If you don't have a new routine yet, start today. If you do have a new routine, stick with it.

Wednesday, January 23, 2013

Why One Day at a Time?

If you're in recovery you know how important it is to take one day at a time. To think about maintaining recovery for a week or a month or a year is so overwhelming that when we do that we often just give up.

In the Biblical book of Matthew Jesus says that each days troubles are sufficient for that day. That's an interesting thought. He doesn't say you won't have trouble. He says the trouble you will have today is sufficient for today. Think of it this way, God has baked just the right amount of trouble into your day. Trouble helps refine us. It causes us to confront our weaknesses and shortcomings; our character defects. Without trouble would you be in recovery right now?

The problem comes when we take it upon ourselves to add trouble to a day that already has exactly the right amount of trouble in it. When we do that the recipe is thrown all out of whack. And we end up with a disgusting mess, sometimes so bad we convince ourselves that returning to our addiction is easier than sticking with recovery.

So stop adding trouble to your day.
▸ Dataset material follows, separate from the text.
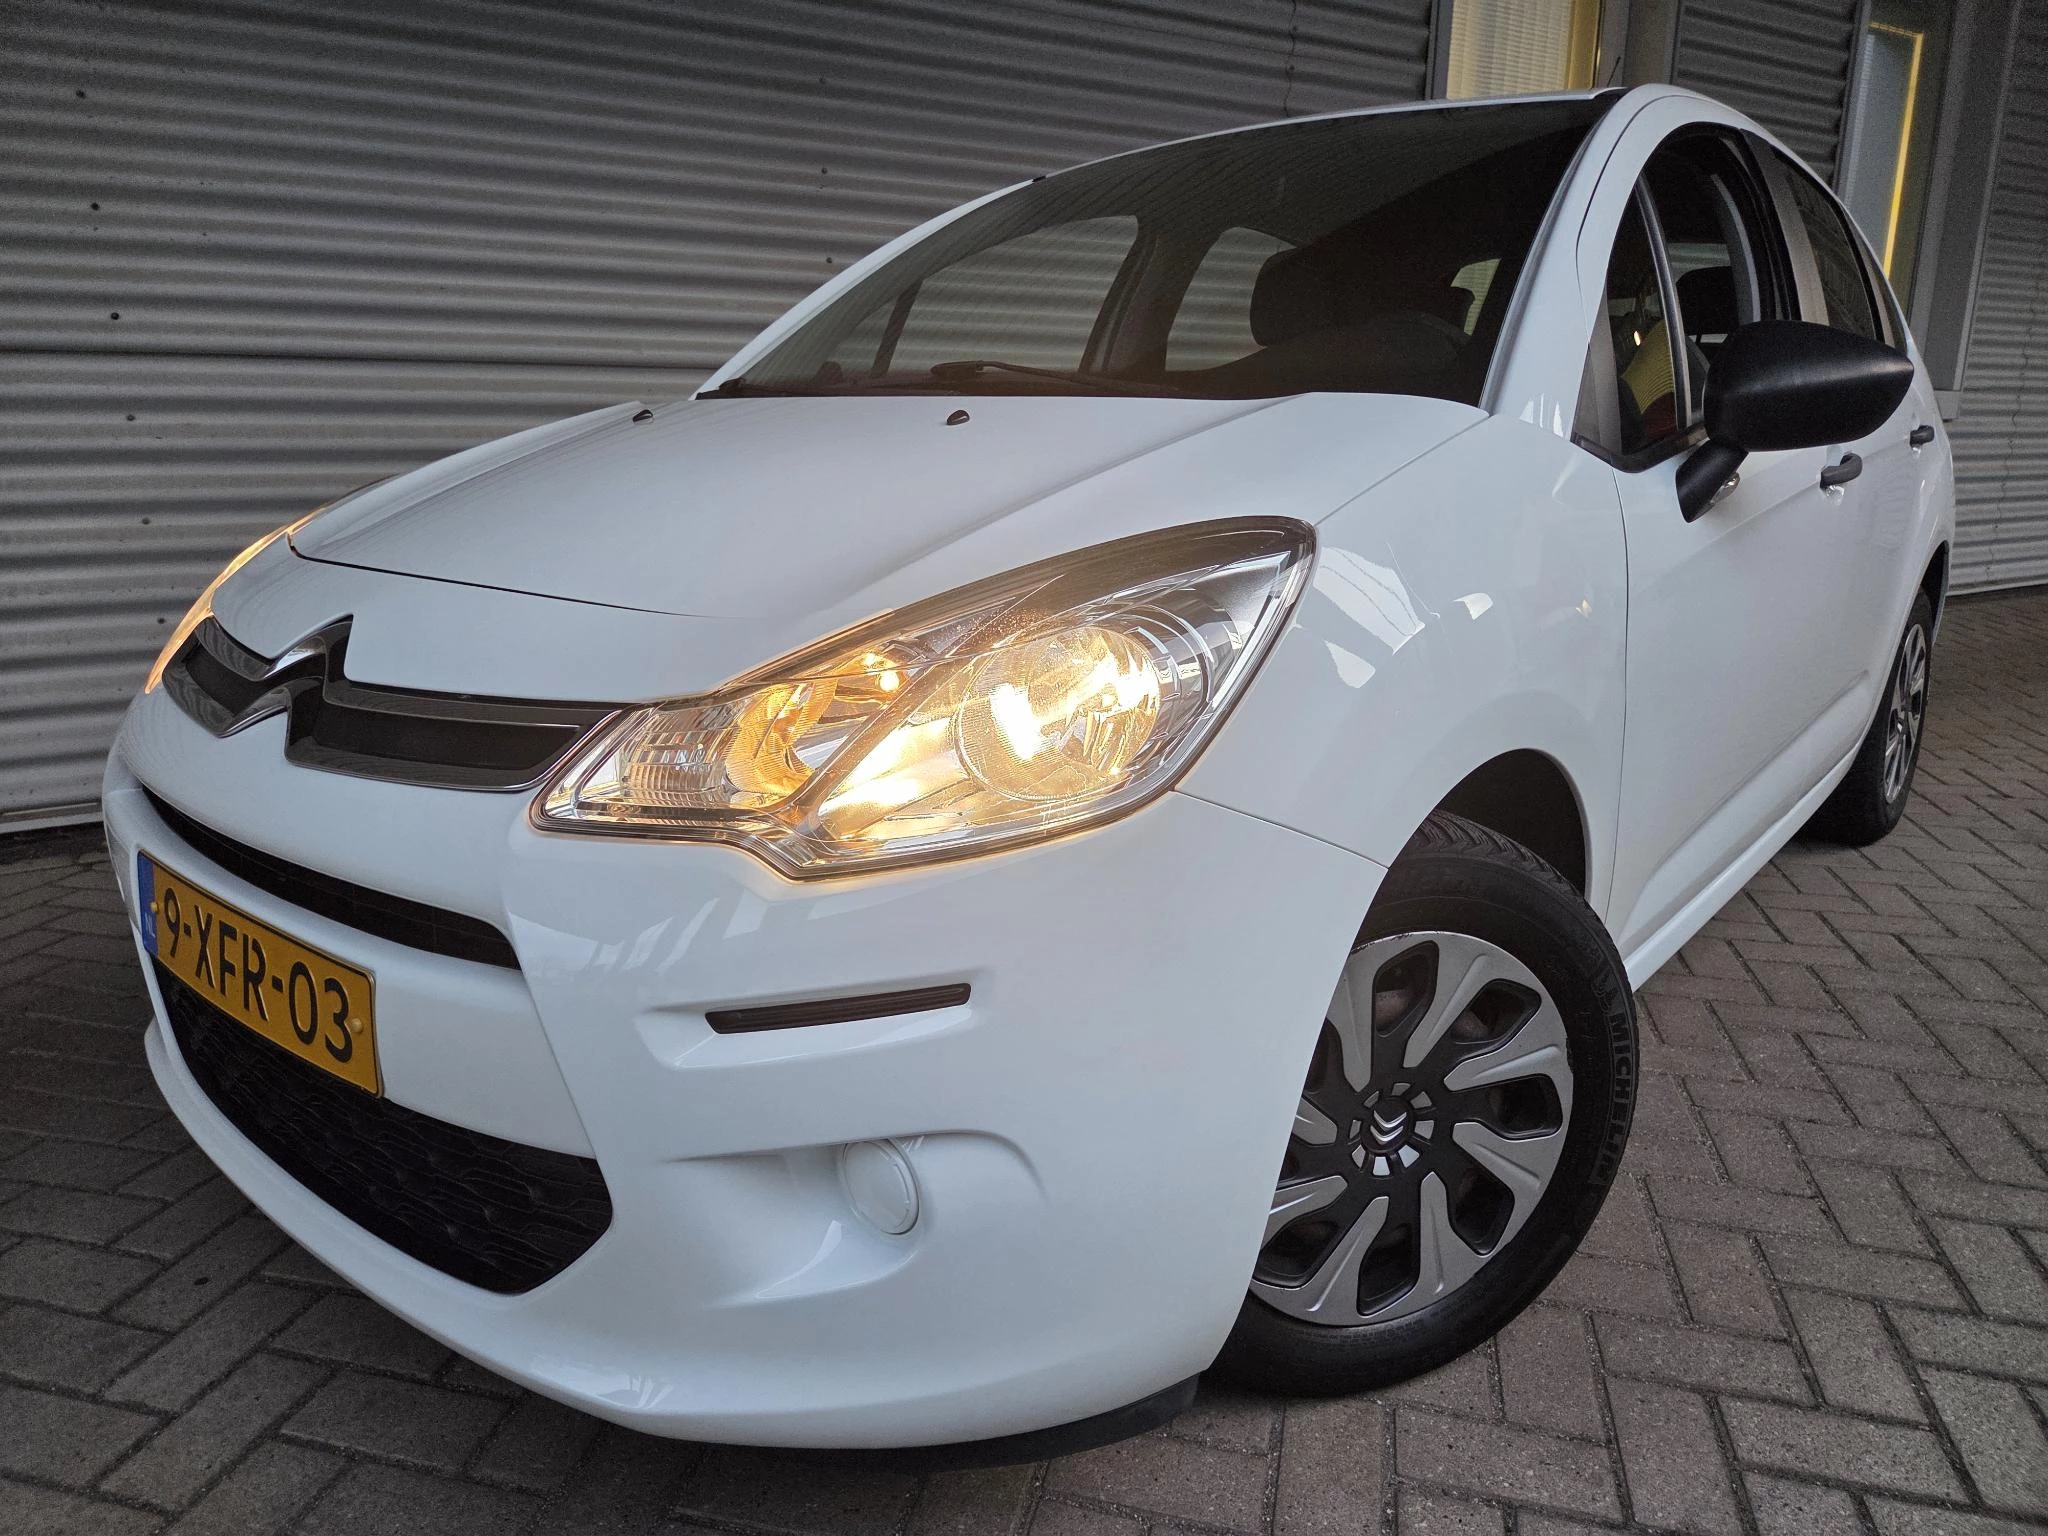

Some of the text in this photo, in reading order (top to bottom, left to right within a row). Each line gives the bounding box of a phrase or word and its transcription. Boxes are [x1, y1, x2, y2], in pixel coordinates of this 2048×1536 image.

[144, 912, 156, 938] NL
[164, 888, 352, 1063] 9-XFR-03
[1598, 1012, 1631, 1180] MICHELIN
Your day has just the right amount of trouble and if you take life one day at a time you'll have God's strength and the support of your recovery community to deal with it.

Monday, January 21, 2013

I'm Not Fireproof!

I've been away a very long time from this blog.  And, to be honest, I've been away from regular attention to my recovery, as well. Two years ago I accepted a new position that required a move from Colorado back to Illinois. It took me a long time to decide to make the move.  I did a lot of praying and seeking counsel and talking with my wife and family. I felt I was being very good about my due diligence.

One concern I had was that the environment I would be going into was not healthy. I made the mistake of discounting this. I felt I had worked my recovery long enough and diligently enough that I was strong enough to go into an obviously unhealthy place and maintain my health. In terms of my recovery this was a tragic and costly mistake.

For a few months I clung to my commitment to stay in recovery. I attended meetings weekly and tried to hold on to my sanity and sobriety. But I dramatically underestimated the power that unhealthy people and an unhealthy place can have when you put yourself in the middle of it on a daily basis.

Now two years later I've been set free from that place but it's been a year and a half since I've regularly attended any recovery meetings. So there is much work to be done, messes to clean up and a long road ahead. I am not discouraged even though I'm disappointed with myself.  It's a lesson I need to relearn that jumping into a fire thinking your fireproof doesn't keep you from getting burned!